Mais, finalement, qu’est-ce qui motive cet engouement ? « Un passage de témoin aux générations futures », avance Charles Perrin. La famille du vigneron du mythique Château de Beaucastel, en appellation châteauneuf-du-pape, est associée à 50-50 avec le couple – divorcé – Brad Pitt-Angelina Jolie, propriétaire du château de Miraval, à Correns, dans le Var, à 20 kilomètres de Brignoles. « Ils sont dans une démarche de transmission à leurs enfants », poursuit-il. Dans la prolongation de cette philosophie, Patrick Bruel a baptisé son domaine Leos, contraction des prénoms de ses deux fils Léon et Oscar. « Quand il les a vus cueillir des olives, il a eu le déclic. Il a eu le souci de leur léguer des valeurs non pas pécuniaires, mais humaines et spirituelles », abonde Christine Cheylan, labellisée «entreprise du patrimoine vivant » à Château Virant. Derrière ces histoires croisées, il y a une nouvelle manière de vivre en osmose avec le terroir, l’envie de le sublimeretd’entirerunproduitextraordinaire, souvent estampillé bio. Et hors de question pour ces gentlemen-farmers de s’en remettre au hasard. Chaque détail de cette activité de métronome est savamment étudié. « Ces esthètes aguerris savent s’entourer et prendre les bonnes décisions. Ça commence dès le travail de la terre », analyse Xavier Alazard.

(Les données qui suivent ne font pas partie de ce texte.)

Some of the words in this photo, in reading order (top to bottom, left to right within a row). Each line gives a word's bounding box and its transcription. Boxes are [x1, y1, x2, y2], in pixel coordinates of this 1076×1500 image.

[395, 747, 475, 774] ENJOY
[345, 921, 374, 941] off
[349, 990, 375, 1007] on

Cousu main. Parmi eux, George Lucas, qui règne sur Château Margüi, à Châteauvert, dans le haut Var. Le réalisateur, scénariste et producteur de Star Wars, qui a mis la main en 2017 – via sa société Skywalker Vineyards – sur cette pépite de la Provence verte, n’a pas lésiné sur les moyens. Le père de l’iconique franchise a réhabilité des restanques, ces terrasses façonnées de pierres sèches, puis y a transposé le modèle vinicole et oléicole de son Skywalker Ranch (Nicasio, en Californie), et de son Viandante Del Cielo (Passignano sul Trasimeno, en Ombrie). « On s’est appuyés sur notre expérience aux États-Unis et en Italie. Nous avons mis en place des process similaires de production tout en restant à l’écoute du terroir et du savoir-faire local », détaille Yann Jouet, directeur d’exploitation de Château Margüi. Du cousu main et du sur-mesure.

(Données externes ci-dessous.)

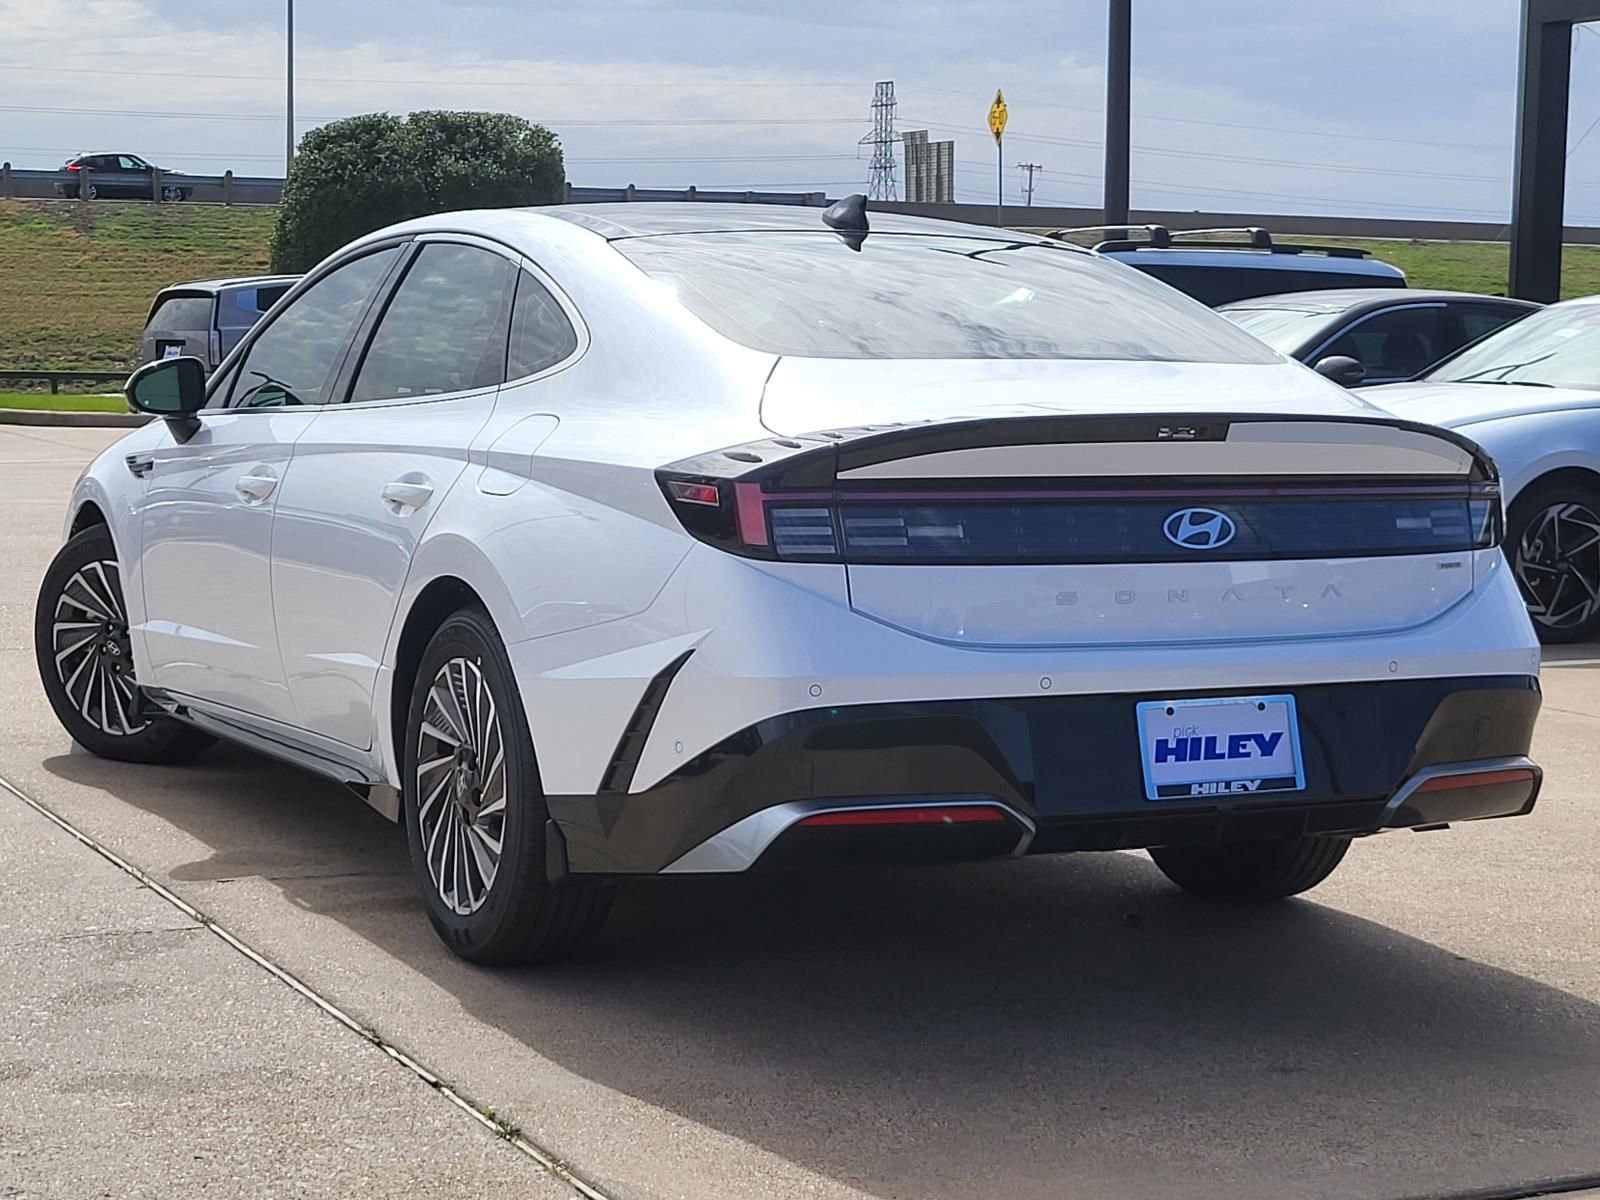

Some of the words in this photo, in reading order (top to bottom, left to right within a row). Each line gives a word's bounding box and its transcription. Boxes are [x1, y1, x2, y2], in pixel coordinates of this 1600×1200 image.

Même attachement à préserver le patrimoine du côté de Patrick Bruel. Son terrain avait cessé d’être exploité à l’orée des années 1960. Un demi-siècle plus tard, 200 oliviers ont été régénérés sur le plateau de Margoye, lové entre le Lubéron et le mont Ventoux, et ont permis grâce à des boutures et des recépages d’en faire revivre 500. Et près de 3 000 nouveaux arbres ont été plantés cette dernière décennie. « L’objectif est de doubler la surface pour atteindre 15 hectares d’oliviers en 2023 », annonce Joël Gayet.

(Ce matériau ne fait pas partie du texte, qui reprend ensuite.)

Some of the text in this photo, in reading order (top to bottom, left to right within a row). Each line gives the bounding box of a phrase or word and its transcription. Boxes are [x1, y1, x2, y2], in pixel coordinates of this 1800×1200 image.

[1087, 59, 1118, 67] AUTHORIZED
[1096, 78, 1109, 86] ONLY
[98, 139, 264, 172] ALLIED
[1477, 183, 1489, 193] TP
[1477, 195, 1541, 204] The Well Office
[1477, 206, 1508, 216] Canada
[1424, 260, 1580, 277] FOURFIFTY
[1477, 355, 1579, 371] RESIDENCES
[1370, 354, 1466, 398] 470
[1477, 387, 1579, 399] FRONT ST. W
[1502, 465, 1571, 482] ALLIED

À Miraval, comparé au million de bouteilles de vin (900 000 de rosé et 100 000 de blanc) qui sortent à chaque millésime des caves, les 12000 à 15000 bouteilles d’huile d’olive annuelles représentent à peine plus de 1 % de la production. Une goutte d’eau économique qui n’a pas fait renoncer les Pitt-Jolie à viser l’excellence. Ils ont carrément installé en 2018 un moulin flambant neuf au coeur de leur jardin d’Éden de 800 hectares. « Ils voulaient le moins d’interventionnisme possible et que tout soit réalisé sur place », s’enthousiasme Charles Perrin. Ce jusqu’au-boutisme les a poussés à conditionner leur fontaine de jouvence dans des bouteilles en grès pour éviter de les exposer aux rayons ultraviolets. L’ombre aux dépens de la lumière…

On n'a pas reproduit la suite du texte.